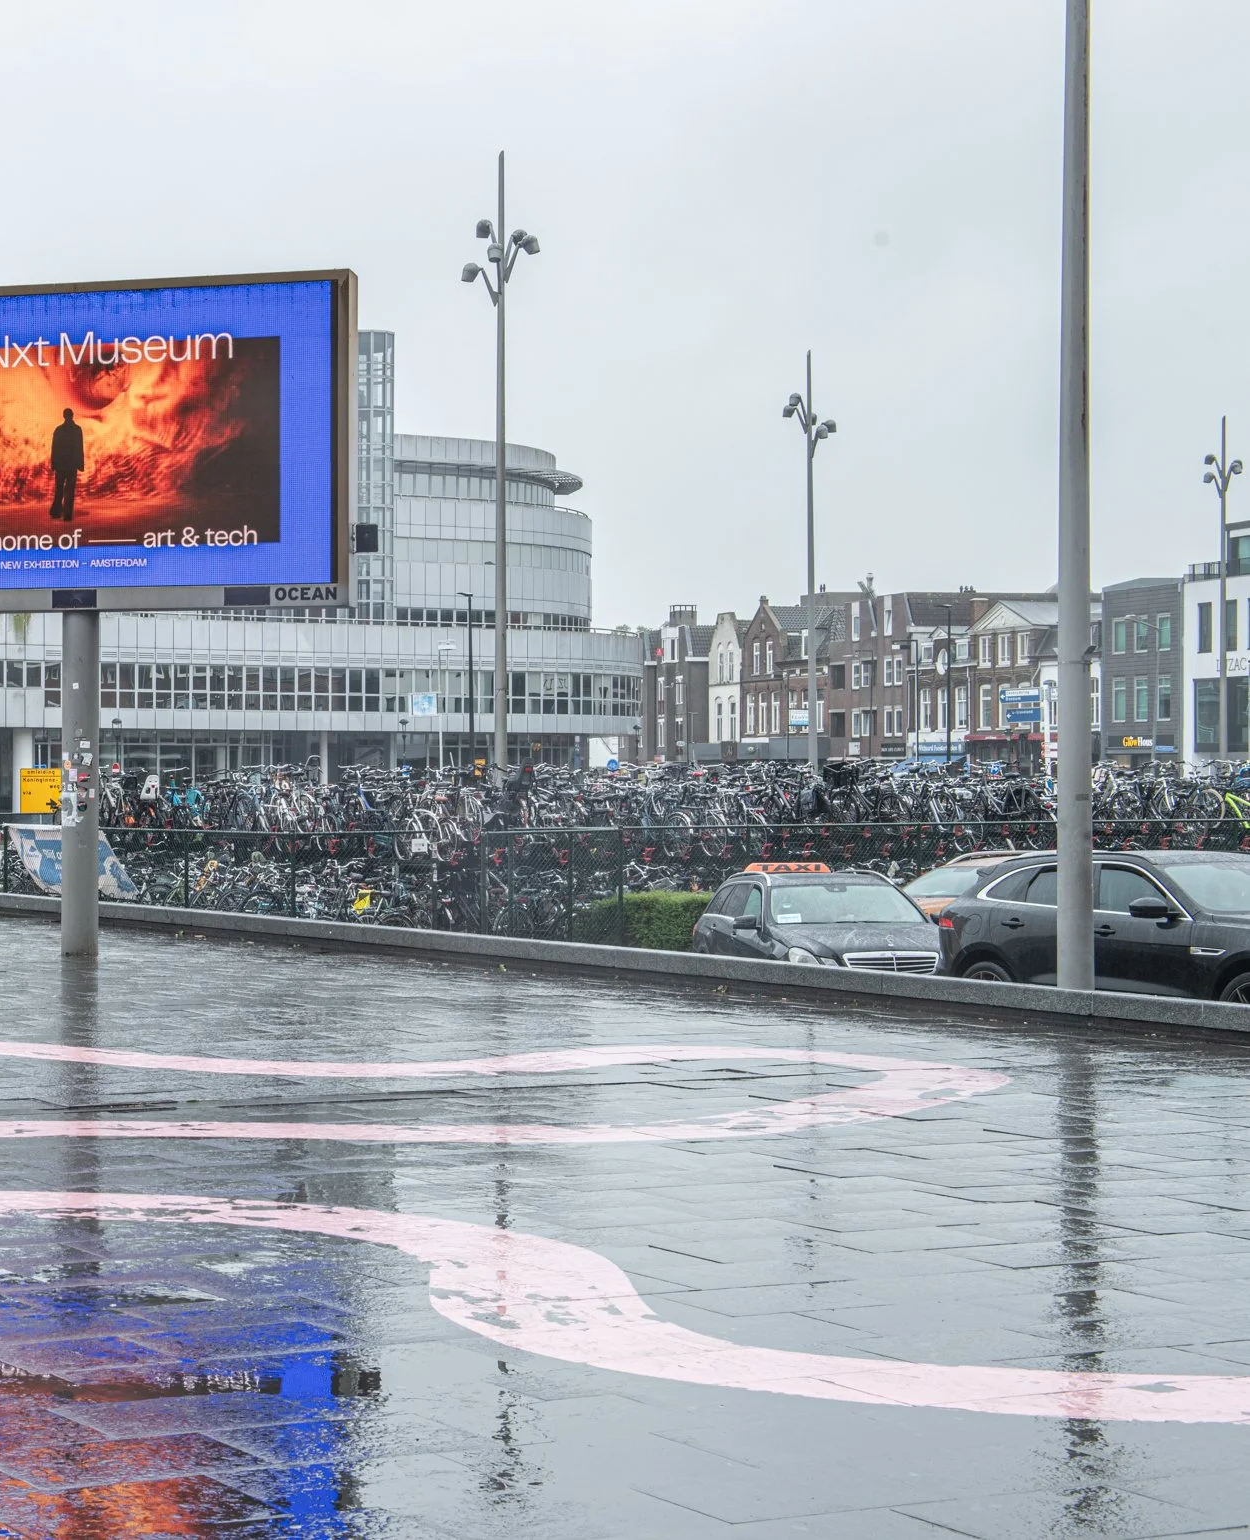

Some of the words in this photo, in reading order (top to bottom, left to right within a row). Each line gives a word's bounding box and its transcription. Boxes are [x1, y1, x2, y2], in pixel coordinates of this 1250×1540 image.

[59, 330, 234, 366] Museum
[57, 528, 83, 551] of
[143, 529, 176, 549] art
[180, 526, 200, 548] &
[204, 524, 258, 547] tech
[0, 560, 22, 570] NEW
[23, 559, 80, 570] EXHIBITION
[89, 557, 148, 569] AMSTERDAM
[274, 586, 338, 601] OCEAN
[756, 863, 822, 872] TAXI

§ **Activity**
Retype the data above exactly; pictures are not part of the copy.

§ **Solved problem**
Some of the words in this photo, in reading order (top to bottom, left to right within a row). Each line gives a word's bounding box and its transcription. Boxes are [x1, y1, x2, y2], in pixel coordinates of this 1250×1540 image.

[59, 330, 234, 366] Museum
[57, 528, 83, 551] of
[143, 529, 176, 549] art
[180, 526, 200, 548] &
[204, 524, 258, 547] tech
[0, 560, 22, 570] NEW
[23, 559, 80, 570] EXHIBITION
[89, 557, 148, 569] AMSTERDAM
[274, 586, 338, 601] OCEAN
[756, 863, 822, 872] TAXI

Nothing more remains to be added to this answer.